Island residents got a chance to tour the $8-million facility and learn about the dissolved air flotation technology and how it filters the water. The new plant was running in June, but the district is still waiting for a few finishing touches to the disposal system, some alarms and the full integration of the district’s supervisory control and data acquisition system.
Dissolved air flotation is a process where the contaminants in water are separated out by floatation. A foam is injected into the water, which coagulates onto particles, floating them to the top. The foam is scraped off by large brushes, and is collected for disposal. The water is then filtered and treated with ultraviolet light before it is sent out into the water system for consumption. DAF is used by the CRD water treatment plants on Salt Spring, and was chosen to suit St. Mary Lake’s particular needs.

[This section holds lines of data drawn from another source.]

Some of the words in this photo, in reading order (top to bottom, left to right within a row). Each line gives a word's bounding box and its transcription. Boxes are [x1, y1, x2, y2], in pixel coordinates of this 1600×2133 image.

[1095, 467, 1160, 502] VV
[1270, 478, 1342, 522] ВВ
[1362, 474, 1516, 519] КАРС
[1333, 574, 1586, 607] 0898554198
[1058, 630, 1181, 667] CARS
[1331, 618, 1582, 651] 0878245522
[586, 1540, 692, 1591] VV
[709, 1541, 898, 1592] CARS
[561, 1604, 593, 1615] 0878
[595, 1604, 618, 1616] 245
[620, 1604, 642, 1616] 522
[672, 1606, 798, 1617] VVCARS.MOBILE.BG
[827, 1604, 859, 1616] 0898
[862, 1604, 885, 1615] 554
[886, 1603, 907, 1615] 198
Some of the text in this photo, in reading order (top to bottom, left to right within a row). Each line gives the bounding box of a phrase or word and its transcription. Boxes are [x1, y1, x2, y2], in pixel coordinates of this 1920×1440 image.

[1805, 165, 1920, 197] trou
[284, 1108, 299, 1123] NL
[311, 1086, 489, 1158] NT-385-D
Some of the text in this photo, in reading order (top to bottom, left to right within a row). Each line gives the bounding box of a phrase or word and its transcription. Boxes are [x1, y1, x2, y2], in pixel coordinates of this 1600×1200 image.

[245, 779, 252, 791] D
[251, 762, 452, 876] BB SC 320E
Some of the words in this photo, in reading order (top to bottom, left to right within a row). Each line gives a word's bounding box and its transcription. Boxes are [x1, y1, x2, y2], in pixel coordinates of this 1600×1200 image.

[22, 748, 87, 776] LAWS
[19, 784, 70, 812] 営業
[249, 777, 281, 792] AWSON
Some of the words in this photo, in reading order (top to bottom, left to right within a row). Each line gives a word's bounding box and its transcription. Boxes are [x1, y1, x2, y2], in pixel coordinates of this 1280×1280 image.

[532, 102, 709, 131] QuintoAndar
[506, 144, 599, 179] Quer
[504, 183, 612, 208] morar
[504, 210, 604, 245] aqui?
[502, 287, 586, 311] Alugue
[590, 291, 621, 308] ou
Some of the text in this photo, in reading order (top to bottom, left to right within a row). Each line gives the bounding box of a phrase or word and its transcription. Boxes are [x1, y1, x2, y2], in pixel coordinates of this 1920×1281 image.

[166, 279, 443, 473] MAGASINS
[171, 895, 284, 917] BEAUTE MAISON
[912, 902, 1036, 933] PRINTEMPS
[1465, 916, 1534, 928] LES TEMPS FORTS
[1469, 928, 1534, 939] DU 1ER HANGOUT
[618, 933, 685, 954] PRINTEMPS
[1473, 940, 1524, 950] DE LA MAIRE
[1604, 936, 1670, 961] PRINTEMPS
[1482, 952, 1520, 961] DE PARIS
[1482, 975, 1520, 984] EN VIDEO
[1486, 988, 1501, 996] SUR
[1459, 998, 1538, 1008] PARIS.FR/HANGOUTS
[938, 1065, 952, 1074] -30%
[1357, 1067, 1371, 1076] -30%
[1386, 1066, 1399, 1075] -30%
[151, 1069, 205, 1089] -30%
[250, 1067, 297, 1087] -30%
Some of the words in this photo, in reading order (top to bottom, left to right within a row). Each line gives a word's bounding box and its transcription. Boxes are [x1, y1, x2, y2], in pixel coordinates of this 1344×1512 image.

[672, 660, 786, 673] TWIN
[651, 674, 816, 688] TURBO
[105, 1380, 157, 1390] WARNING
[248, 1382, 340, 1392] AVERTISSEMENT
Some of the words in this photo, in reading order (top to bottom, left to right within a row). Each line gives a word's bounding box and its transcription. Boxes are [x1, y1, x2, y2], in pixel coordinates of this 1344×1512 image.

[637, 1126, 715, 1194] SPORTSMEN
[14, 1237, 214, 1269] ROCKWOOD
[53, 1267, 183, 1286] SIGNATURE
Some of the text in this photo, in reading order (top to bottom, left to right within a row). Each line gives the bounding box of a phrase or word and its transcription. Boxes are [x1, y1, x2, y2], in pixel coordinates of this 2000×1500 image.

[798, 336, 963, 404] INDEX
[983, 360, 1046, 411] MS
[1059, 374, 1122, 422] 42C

The district intends to take the waste from the plant and compost it. Initially, the product will be trucked to a commercial composting facility in Chemainus. However, the district has written in support of building a composting facility on Salt Spring Island, and if a facility is built it will be able to compost the residue locally.
The plant’s operating permit was issued by Island Health in March, and the first water was delivered into the system on April 30. The plant was initially run during the day with crews on site, and the old treatment plant was online overnight. The plant was officially running without backup in mid June.
Over 100 people came out throughout the day last Tuesday. Visitors were split into small groups and shown around the plant, seeing everything from the office room to the electrical control room to the actual DAF tanks in the lower level of the building.
“People don’t usually get a chance to see inside facilities like this,” said district environmental manager Meghan McKee.
Plant planning began in 2012, and the plant was funded after a borrowing referendum was passed in 2015. The referendum allowed the district to borrow up to $8.4 million for the construction of the facility. Though the opening date was set back, the plant was finished under budget for a total of $7.9 million.
“We made a plan, and we didn’t deviate from the plan,” said district manager Ron Stepaniuk. “So it worked.”
The new plant will be able to handle considerably more water than its predecessor. The original plant had a capacity of producing around 450 gallons per minute, said works supervisor Grant Tamboline during one of the tours. The new plant, he explained, produces around 700 gallons per minute, or 52 litres per second.